S = Stop “Shoulding” Yourself
Shoulda, coulda, woulda. We all know how disheartening these words can be. Instead, replace “shoulda, coulda, woulda” with what you CAN, WILL and WANT to do. Focusing on what you can, will and want to do empowers you and gives you a sense of control. It helps with time management, prioritizing, and establishing realistic expectations. At the end of each day, compliment yourself for the thing(s) you did DO!
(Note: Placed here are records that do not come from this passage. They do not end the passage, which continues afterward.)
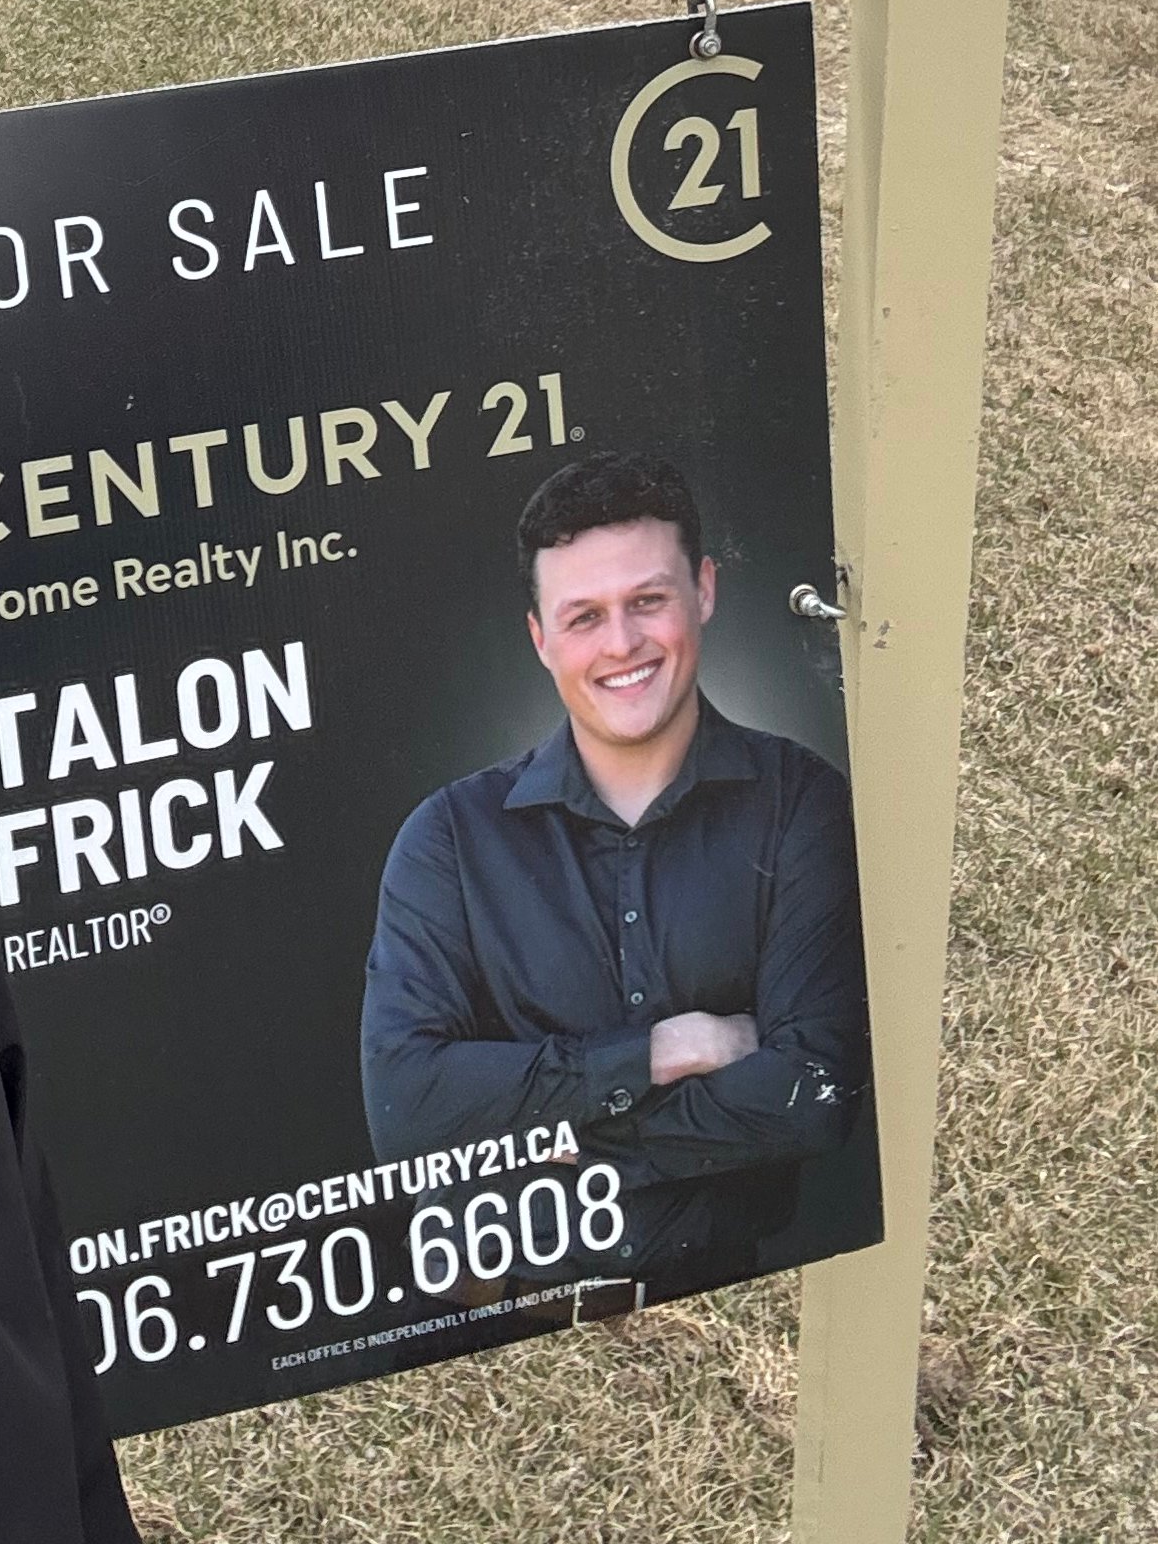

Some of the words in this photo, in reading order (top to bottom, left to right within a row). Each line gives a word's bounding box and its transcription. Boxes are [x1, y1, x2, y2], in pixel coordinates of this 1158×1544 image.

[170, 166, 434, 281] SALE
[114, 543, 263, 600] Realty
[278, 528, 359, 570] Inc.
[271, 1351, 307, 1371] EACH
[308, 1340, 352, 1362] OFFICE
[353, 1336, 367, 1351] IS
[368, 1309, 467, 1347] INDEPENDENTLY
[469, 1299, 513, 1322] OWNED
[514, 1292, 540, 1309] AND
A = Acknowledge Your Feelings and Emotions
Some of the most common emotions people share with me is feeling angry and resentful that they don’t have time for themselves because they are so busy caring for everyone else. The tendency is to repress these feelings which only intensifies them. Know that these feelings are normal. It’s OK to feel resentful, angry, frustrated or annoyed. That’s part of being human. Allow your feelings and emotions to be of benefit to you. One of the best ways to gauge how you’re doing is by listening to what your feelings and emotions are telling you. By acknowledging those feelings and emotions, no matter how negative, gives you an opportunity to change what you are doing. Instead of beating yourself up for feeling this way, ask yourself the following questions: 1) What are your emotions trying to tell you? 2) What is causing you to feel this way? 3) What do you need to do differently?
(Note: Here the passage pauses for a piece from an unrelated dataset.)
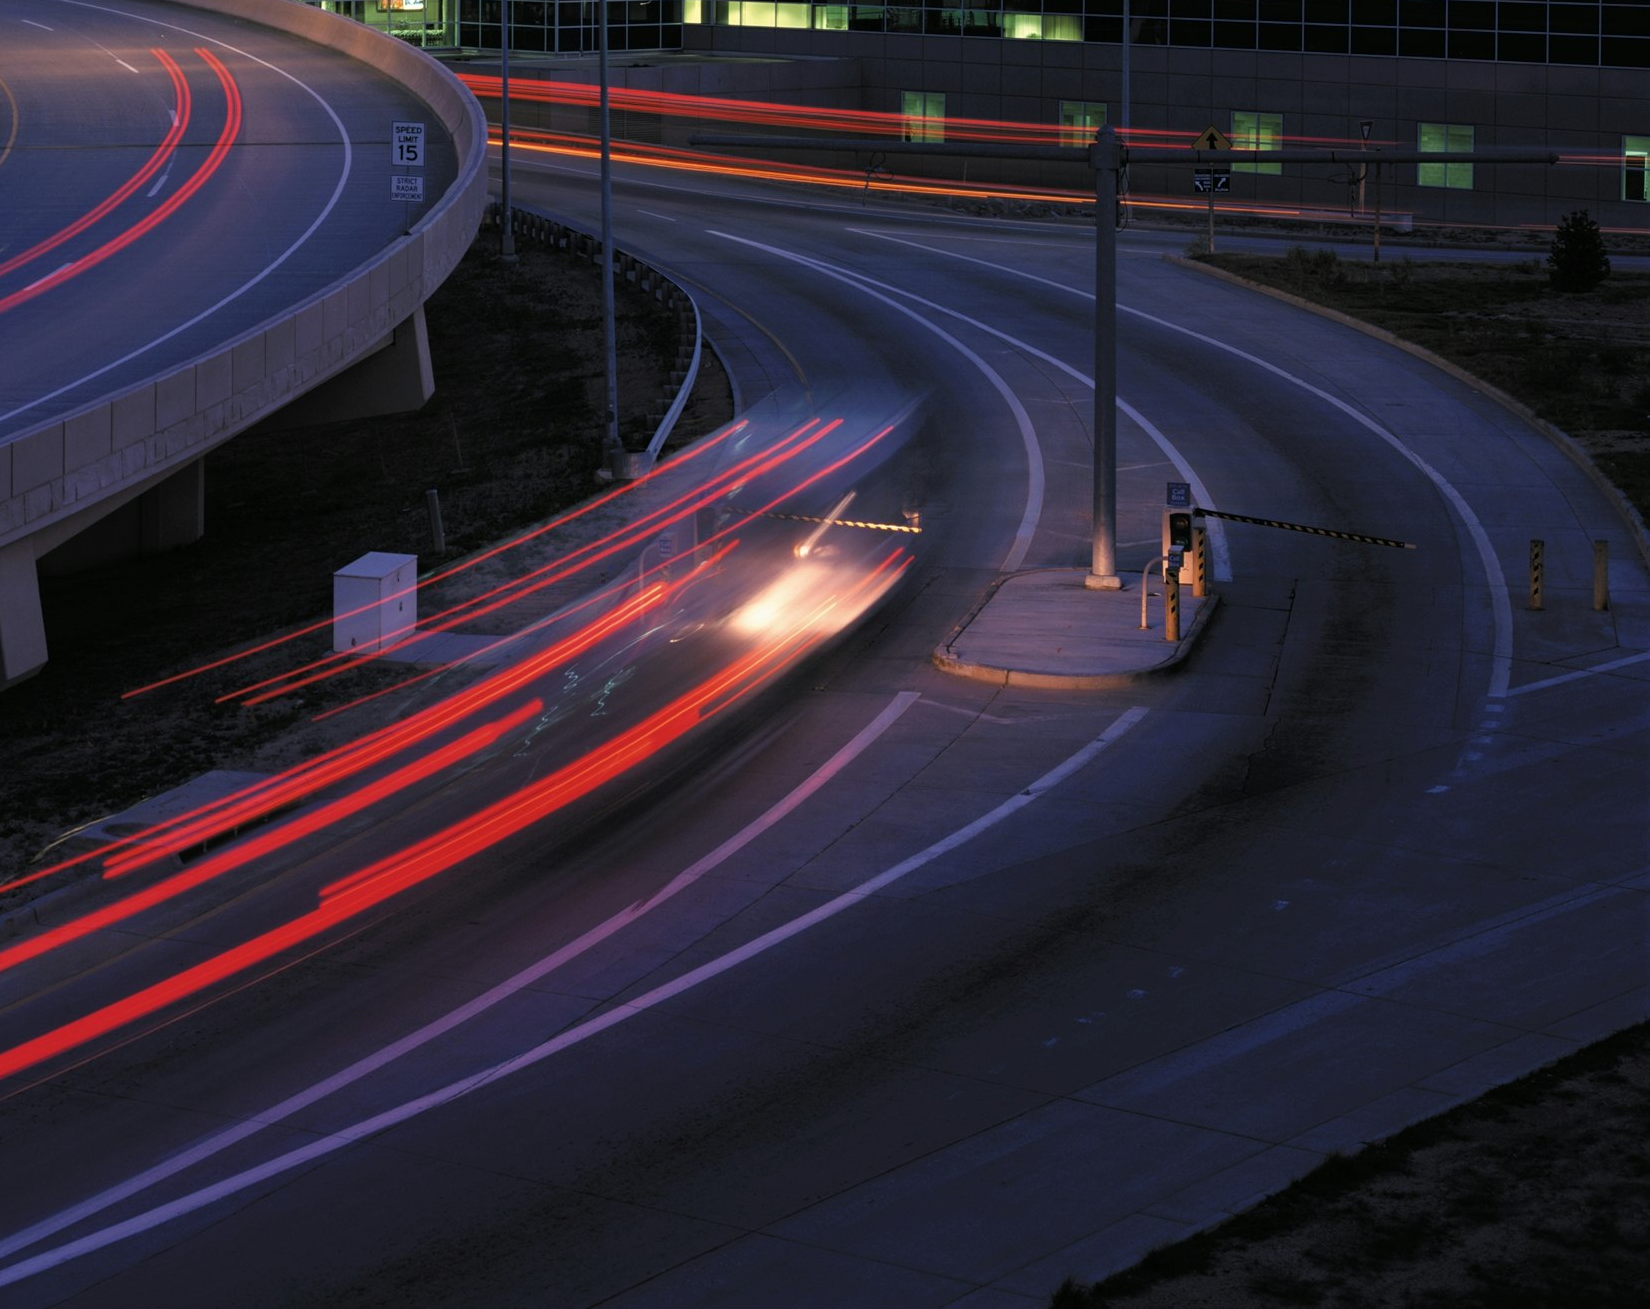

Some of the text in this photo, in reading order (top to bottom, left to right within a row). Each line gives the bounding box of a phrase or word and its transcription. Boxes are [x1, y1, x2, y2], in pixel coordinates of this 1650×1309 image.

[395, 126, 422, 134] SPEED
[398, 144, 418, 161] 15
[396, 177, 418, 185] STRICT
[396, 184, 418, 192] RADAR
C = Comfort Yourself – Compassionate Self-Talk
When things are tough, make a conscious effort to speak lovingly and compassionately to yourself. Take a daily 10-minute break and do something nurturing or comforting – give back to yourself. Caring for others can be really hard. Speak kindly to yourself in the same way you would support a best friend if they were in your shoes. Repeat the following Compassionate Self –Talk Phrases to yourself as a reminder of the loving, caring and compassionate person you are.
- The decisions I make are with the best of intentions
- I’m not a failure. I’m learning as I go along
- Patience is a learned skill and I’m working on it
- I’m going to have negative thoughts and feelings but that doesn’t make me a bad person
- I’m doing the best I can – some days are better than others
R = Resources – Create a Support Network
You can’t do this alone! You need help and support too, so reach out to people who can be of support and help. How to do this? Use my 3-Step process:
- Write down what you need help with
- Make a list of resources that are available
- Ask for help – utilize these resources!
E = Establish an Emergency Plan
Being prepared for the unexpected is an excellent strategy to help you manage your concerns. If you know that things are in place in case of an emergency, it can alleviate a lot of angst. Some things to consider are: a) signing your parent up for a medical alert program in case of an emergency if you aren’t there when it happens, b) complete legal documents and such as a Living Will, Trust, POA (Power of Attorney) for medical and financial, c) fill out the POLST and HIPAA forms, d) have updated lists of doctors/medications, computer passwords and local emergency contacts are very helpful and comforting.
D = Delegate
Consider delegating some of the tasks and responsibilities to others. Acknowledge and accept your limitations. Set Boundaries – set limits, protect your time.
Give yourself permission to say “NO”. Schedule a family meeting and ask other family members to help you. Consider finding some respite care so you can get a break.
Remember: You are just as S.A.C.R.E.D. © as the people you’re taking care of. You are doing the best that you can. And lastly, but just as important, you are an AMAZING person. Thank you for all the love, care and support you provide.